The philosophy behind the design of the Cheops processor module is to abstract out a basic set of computationally intensive operations required for real-time performance of a variety of desired applications. These operations are then embodied in specialized hardware provided with a very high throughput memory interface, and controlled by a general-purpose processor. Although image data tends to be large, it is accessed in a regular fashion, and the operations needed tend to work within a limited data window (often <1Ksample). Rather than storing all the data locally, the specialized processors operate upon one or more high speed streams of data. Stream processors are not required to input and output data simultaneously; some act only as destinations or as sources, while processors that require very large pipeline delays may do both but in separate transfer phases. The general-purpose processor can read and write control registers and local memory on the stream processors, as well as read results of calculations on the streams -- the latter particularly the case on destination-only processors like block motion estimators. This access is via an 8-bit-wide control register datapath which supports transfer rates of 8Mbytes/sec.

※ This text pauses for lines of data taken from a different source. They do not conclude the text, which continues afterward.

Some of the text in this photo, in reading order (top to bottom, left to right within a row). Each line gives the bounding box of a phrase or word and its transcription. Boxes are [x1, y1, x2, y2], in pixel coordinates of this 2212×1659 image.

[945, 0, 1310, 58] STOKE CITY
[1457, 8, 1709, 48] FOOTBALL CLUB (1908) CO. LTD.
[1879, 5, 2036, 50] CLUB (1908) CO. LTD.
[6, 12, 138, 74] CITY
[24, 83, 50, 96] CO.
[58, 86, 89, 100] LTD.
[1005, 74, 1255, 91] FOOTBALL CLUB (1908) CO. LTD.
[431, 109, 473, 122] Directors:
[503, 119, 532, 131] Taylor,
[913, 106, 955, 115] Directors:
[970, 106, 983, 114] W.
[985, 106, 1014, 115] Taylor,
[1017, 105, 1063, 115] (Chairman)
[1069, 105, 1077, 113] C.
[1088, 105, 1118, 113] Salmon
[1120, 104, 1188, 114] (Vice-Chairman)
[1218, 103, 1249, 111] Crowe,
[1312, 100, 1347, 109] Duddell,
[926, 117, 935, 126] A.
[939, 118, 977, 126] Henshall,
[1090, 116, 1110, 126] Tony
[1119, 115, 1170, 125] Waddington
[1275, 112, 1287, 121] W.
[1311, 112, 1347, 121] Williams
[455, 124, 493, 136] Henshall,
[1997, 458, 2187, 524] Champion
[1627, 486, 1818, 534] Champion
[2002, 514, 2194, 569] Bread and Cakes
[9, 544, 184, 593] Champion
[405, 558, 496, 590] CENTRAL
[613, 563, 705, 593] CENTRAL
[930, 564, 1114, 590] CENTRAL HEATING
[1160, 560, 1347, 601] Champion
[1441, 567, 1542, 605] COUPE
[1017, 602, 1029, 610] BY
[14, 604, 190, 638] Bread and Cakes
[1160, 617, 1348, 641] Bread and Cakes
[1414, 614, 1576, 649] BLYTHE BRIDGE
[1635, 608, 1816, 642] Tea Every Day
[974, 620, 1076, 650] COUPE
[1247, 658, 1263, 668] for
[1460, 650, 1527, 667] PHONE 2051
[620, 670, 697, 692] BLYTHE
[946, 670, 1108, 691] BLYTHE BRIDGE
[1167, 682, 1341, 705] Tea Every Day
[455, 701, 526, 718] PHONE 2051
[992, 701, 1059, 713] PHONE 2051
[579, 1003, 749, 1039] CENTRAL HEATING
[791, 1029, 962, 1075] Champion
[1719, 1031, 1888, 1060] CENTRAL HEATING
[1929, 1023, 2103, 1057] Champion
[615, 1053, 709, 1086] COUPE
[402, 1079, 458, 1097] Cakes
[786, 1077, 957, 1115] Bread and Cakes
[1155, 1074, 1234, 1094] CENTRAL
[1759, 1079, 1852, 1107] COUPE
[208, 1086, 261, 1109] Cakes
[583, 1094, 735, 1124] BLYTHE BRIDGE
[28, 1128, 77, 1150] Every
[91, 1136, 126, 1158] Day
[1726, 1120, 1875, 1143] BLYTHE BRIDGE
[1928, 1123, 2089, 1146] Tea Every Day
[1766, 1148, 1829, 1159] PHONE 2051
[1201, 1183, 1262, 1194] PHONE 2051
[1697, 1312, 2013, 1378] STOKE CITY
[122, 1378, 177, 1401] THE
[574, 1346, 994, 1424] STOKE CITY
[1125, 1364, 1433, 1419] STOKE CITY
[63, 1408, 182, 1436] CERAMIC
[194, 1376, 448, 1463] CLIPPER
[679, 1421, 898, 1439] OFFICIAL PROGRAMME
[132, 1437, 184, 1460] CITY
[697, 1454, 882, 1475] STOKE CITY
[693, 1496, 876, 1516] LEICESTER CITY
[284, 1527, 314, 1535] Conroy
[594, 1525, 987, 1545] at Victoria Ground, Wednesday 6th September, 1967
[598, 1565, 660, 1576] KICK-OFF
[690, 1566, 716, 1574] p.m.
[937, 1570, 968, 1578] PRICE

Figure 1: Highly simplified diagram of the Cheops processor. Blocks labeled SP represent stream processors. Not shown is the control register datapath by which the 80960 processor configures and controls the stream processors. Note that the "bidirectional" datapaths to the crosspoint are actually separate 16-bit input and output paths; note also that a stream processor may in some cases accept data from two input streams or produce two output streams.

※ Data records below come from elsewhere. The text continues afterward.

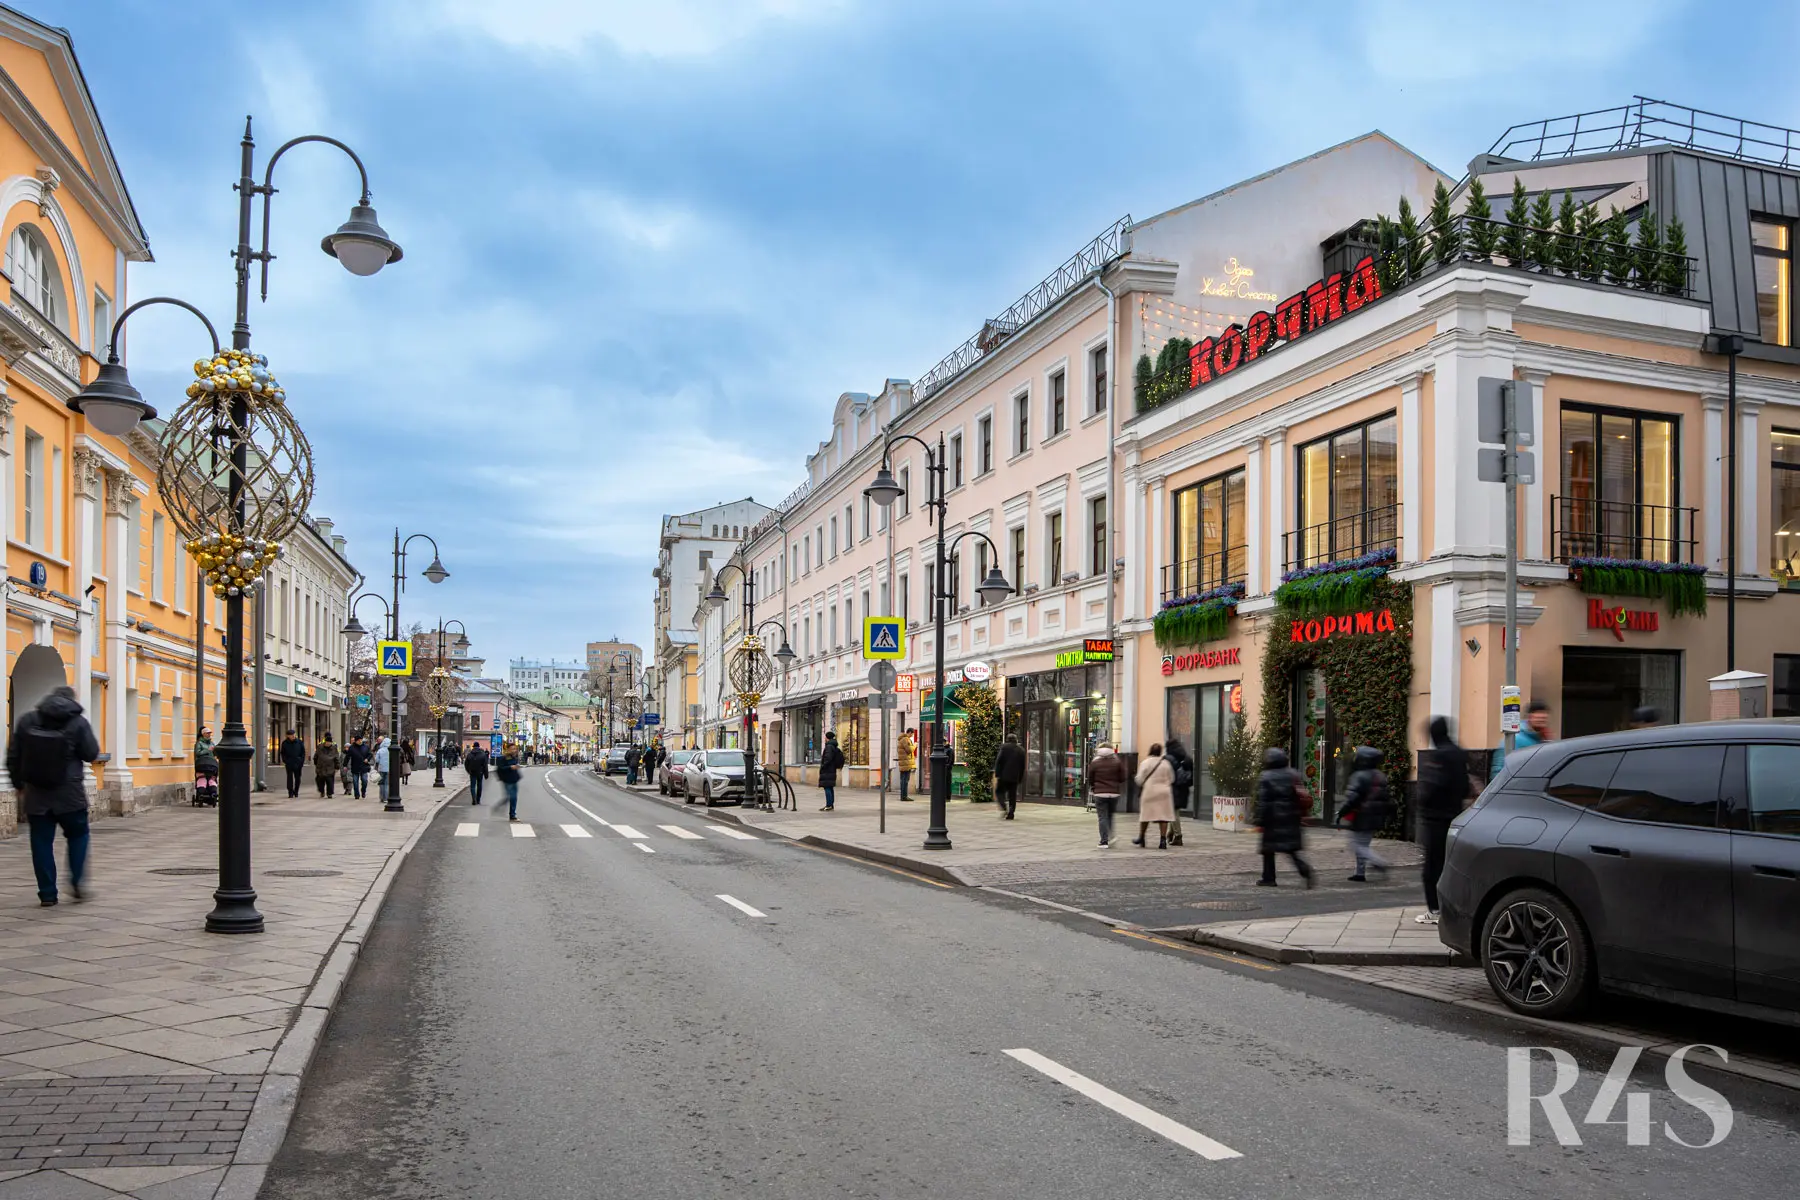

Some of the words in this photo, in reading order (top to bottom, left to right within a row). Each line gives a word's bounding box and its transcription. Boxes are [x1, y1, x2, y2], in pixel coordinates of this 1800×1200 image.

[37, 565, 45, 580] 19
[1085, 640, 1112, 651] ТАБАК
[1085, 652, 1113, 661] НАПИТКИ
[1175, 647, 1241, 671] ФОРАБАНК
[1070, 710, 1079, 723] 24

The processor module comprises eight memory units communicating
through a full crosspoint switch with up to eight stream processing
units. As it was possible to build a full crosspoint switch capable of
40MHz operation with just four chips (LSI Logic L64270 devices), we
chose to implement our interconnection network in this fashion rather
than to use a more compact arrangement of switching elements. Each
memory unit is made up of dual ported dynamic memory (VRAM) and a
two-dimensional direct memory access (DMA) controller for transferring
a stream of data through the crosspoint at up to 40Msample/sec.
Specialized stream processors attached to the switch perform common
mathematical tasks such as convolution, correlation, matrix algebra,
block transforms, spatial remapping, or non-linear functions. These
processing units are on removable sub-modules, allowing
reconfigurability and easy upgrade.
A general-purpose central processing unit (CPU) -- an Intel 80960CA or CF, clocked
at 32MHz -- is provided for sequencing and controlling the flow of
data among the different functional units, implementing the portions
of algorithms for which a specialized processor is not available, and
performing higher-level tasks such as resource management and user
interface.
The DMA controllers on each VRAM bank, called "flood controllers,"

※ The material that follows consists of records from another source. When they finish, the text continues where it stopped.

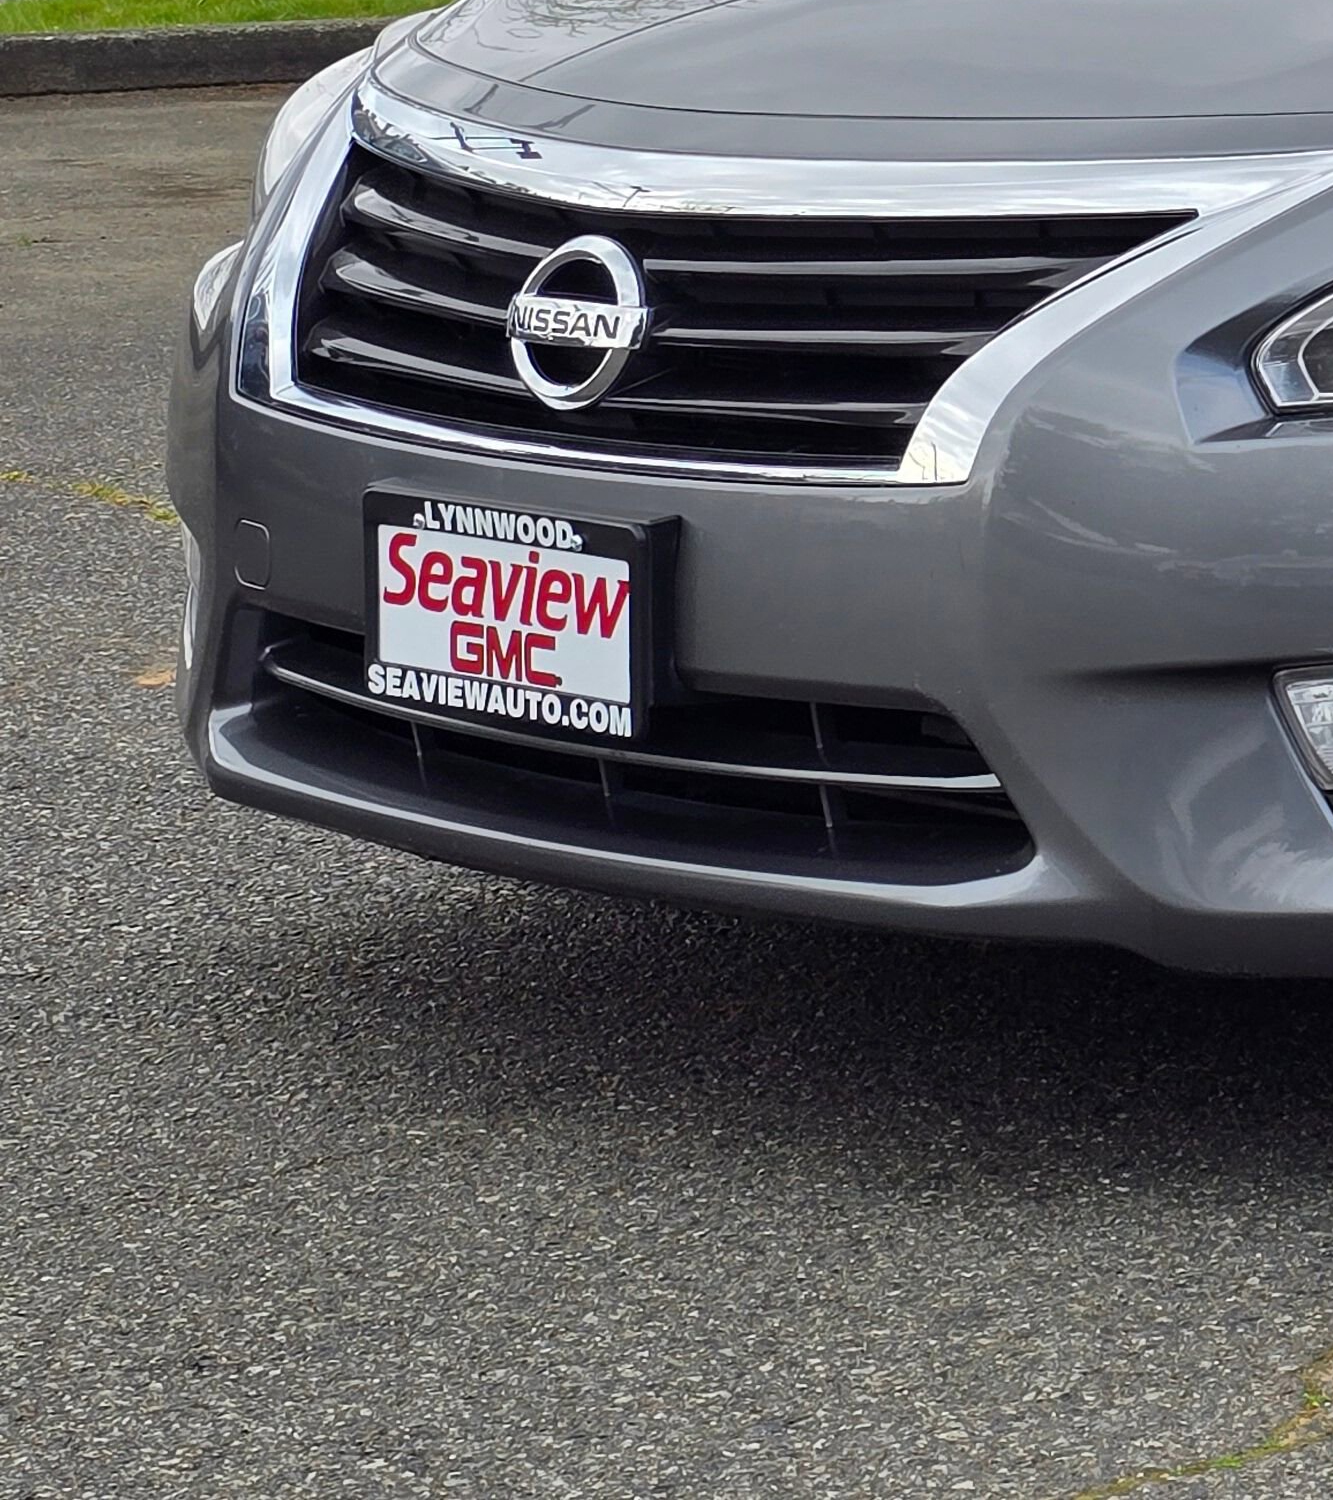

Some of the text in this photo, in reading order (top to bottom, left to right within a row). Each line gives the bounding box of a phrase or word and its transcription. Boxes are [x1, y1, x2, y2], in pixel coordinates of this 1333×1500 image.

[514, 304, 621, 340] NISSAN
[423, 501, 574, 550] LYNNWOOD
[382, 531, 631, 639] Seaview
[450, 620, 560, 689] GMC
[367, 663, 633, 738] SEAVIEWAUTO.COM

are capable of relatively agile handling of one- and two-dimensional
(and to a lesser extent, three-dimensional) arrays. When acting as a
source, a flood controller can replicate or zero-pad independently in
two dimensions, and when acting as a destination it can decimate.
Hence fractional sampling-rate conversion can be performed in a single
transfer through a filter stream processor. The functionality of a
flood controller, especially in conjunction with the transpose stream
processors discussed below, is thus similar to the multidimensional
stream functions of the intensional data-flow language Lucid. The Nile Bus interface on
non-processor modules is effectively a flood controller also, and Nile
transfers are handled in a similar fashion to transfers within a
processor module.
Because the switch is a full crosspoint, it is possible to connect
a memory bank to another memory bank, to cascade processors, or to
send one stream to several destinations simultaneously.
The actual data transfers through the crosspoint switch are
synchronized by handshaking lines called "OK channels." Every flood
controller and stream processor connects to every OK channel. In
setting up a transfer, a process selects an unused OK channel and sets
the involved source and destination flood controllers and stream
processor to use this channel. The destinations are also informed of
the pipeline delay associated with the datapath and stream processors.
The OK channels are the logical AND of the OK outputs of all of the
participants in a transfer. When all participants are ready to
transfer data, the sources begin transferring. After an amount of
time equal to the pipeline delay of the transfer, the destinations
begin writing result data into memory. The current processor design
has three OK channels, and thus at most three transfers may be taking
place at one time on a processor module, though any number of memory
banks and stream processors may be involved.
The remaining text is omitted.